## [What is expected]
Output every record below exactly as it appears.

Data entries:
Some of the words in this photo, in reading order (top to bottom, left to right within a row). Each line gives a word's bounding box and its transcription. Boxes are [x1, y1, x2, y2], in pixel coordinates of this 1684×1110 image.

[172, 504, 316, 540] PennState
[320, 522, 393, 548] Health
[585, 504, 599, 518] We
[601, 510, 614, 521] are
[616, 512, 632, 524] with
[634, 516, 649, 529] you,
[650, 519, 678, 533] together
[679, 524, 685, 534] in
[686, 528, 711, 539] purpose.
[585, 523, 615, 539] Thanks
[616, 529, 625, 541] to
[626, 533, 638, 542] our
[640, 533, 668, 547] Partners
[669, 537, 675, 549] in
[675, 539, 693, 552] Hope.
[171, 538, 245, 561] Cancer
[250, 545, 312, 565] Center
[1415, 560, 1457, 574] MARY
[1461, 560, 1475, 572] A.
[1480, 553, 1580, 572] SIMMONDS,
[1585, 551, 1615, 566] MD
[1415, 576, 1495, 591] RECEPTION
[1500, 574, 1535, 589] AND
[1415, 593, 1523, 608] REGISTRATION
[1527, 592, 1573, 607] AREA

## [Response]
Some of the words in this photo, in reading order (top to bottom, left to right within a row). Each line gives a word's bounding box and its transcription. Boxes are [x1, y1, x2, y2], in pixel coordinates of this 1684×1110 image.

[172, 504, 316, 540] PennState
[320, 522, 393, 548] Health
[585, 504, 599, 518] We
[601, 510, 614, 521] are
[616, 512, 632, 524] with
[634, 516, 649, 529] you,
[650, 519, 678, 533] together
[679, 524, 685, 534] in
[686, 528, 711, 539] purpose.
[585, 523, 615, 539] Thanks
[616, 529, 625, 541] to
[626, 533, 638, 542] our
[640, 533, 668, 547] Partners
[669, 537, 675, 549] in
[675, 539, 693, 552] Hope.
[171, 538, 245, 561] Cancer
[250, 545, 312, 565] Center
[1415, 560, 1457, 574] MARY
[1461, 560, 1475, 572] A.
[1480, 553, 1580, 572] SIMMONDS,
[1585, 551, 1615, 566] MD
[1415, 576, 1495, 591] RECEPTION
[1500, 574, 1535, 589] AND
[1415, 593, 1523, 608] REGISTRATION
[1527, 592, 1573, 607] AREA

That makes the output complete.